**What you have to do:** Apart from the images, output the data below exactly.

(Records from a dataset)

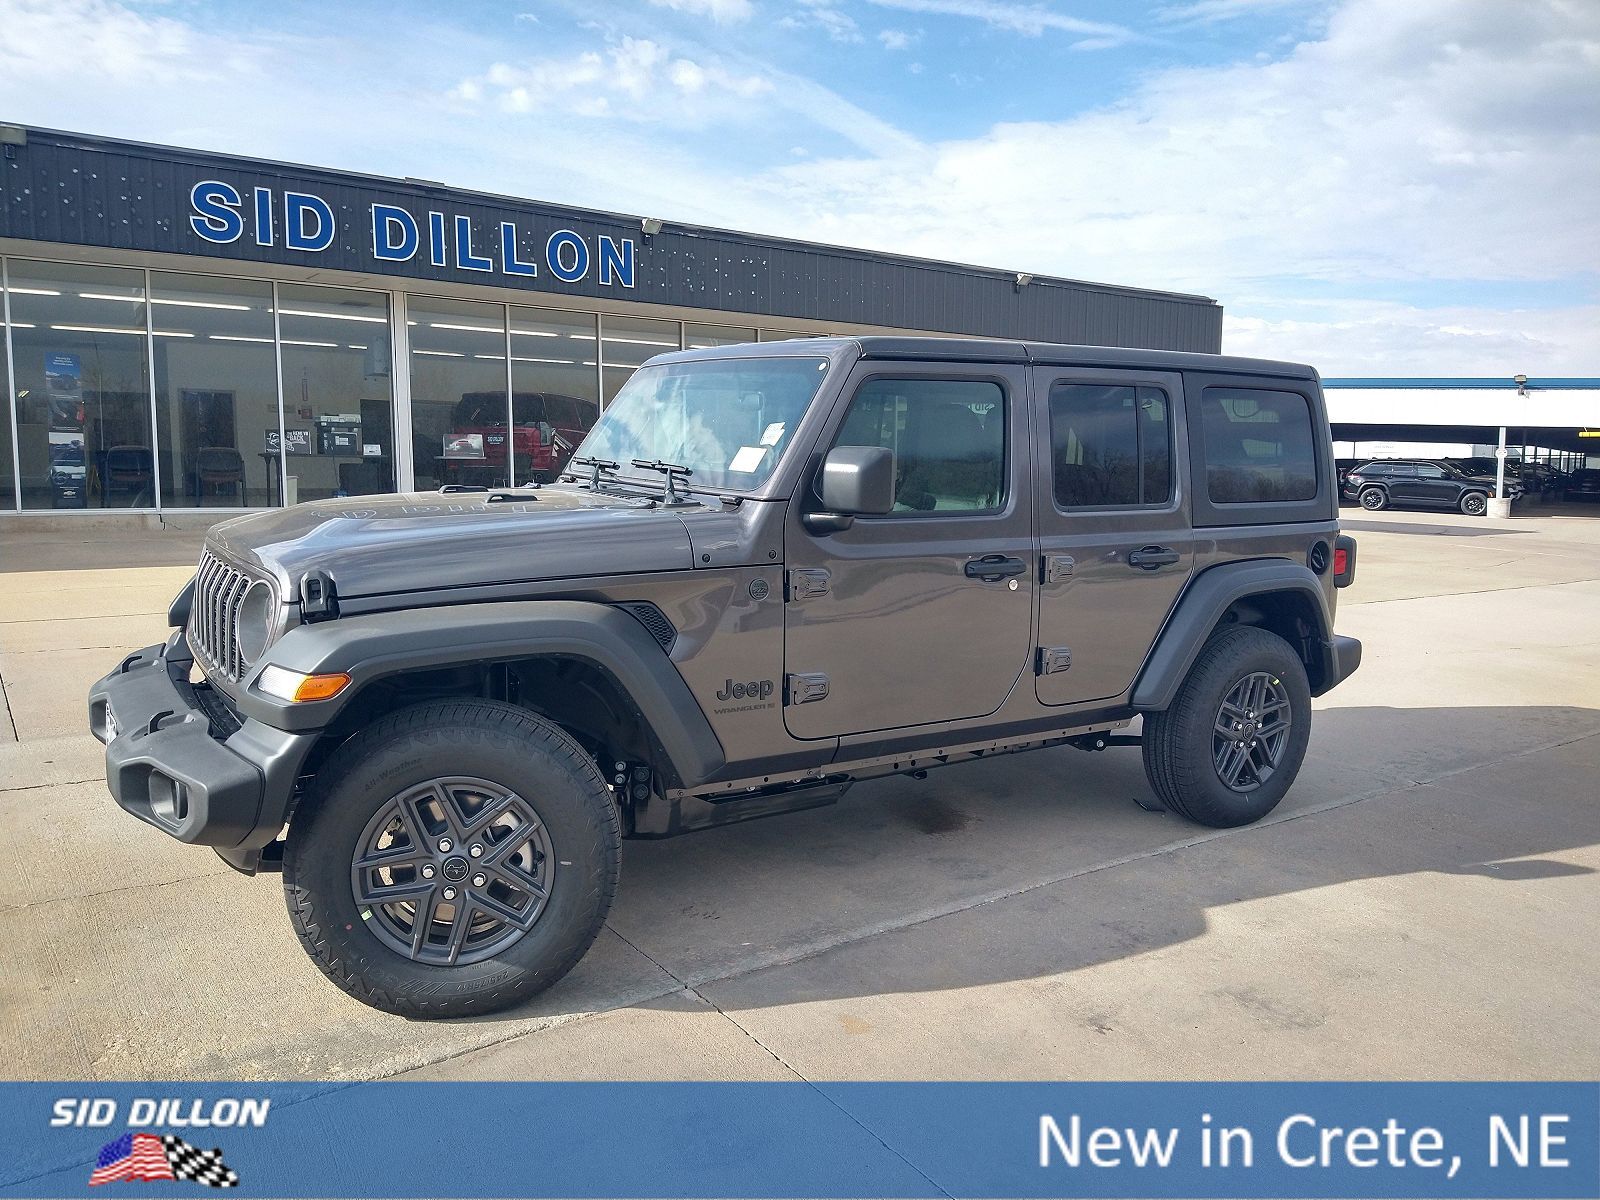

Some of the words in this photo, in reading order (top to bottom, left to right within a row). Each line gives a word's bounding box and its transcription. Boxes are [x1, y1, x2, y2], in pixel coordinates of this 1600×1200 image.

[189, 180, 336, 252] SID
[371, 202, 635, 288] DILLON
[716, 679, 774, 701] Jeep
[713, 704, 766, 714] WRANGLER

**Solution:**
Some of the words in this photo, in reading order (top to bottom, left to right within a row). Each line gives a word's bounding box and its transcription. Boxes are [x1, y1, x2, y2], in pixel coordinates of this 1600×1200 image.

[189, 180, 336, 252] SID
[371, 202, 635, 288] DILLON
[716, 679, 774, 701] Jeep
[713, 704, 766, 714] WRANGLER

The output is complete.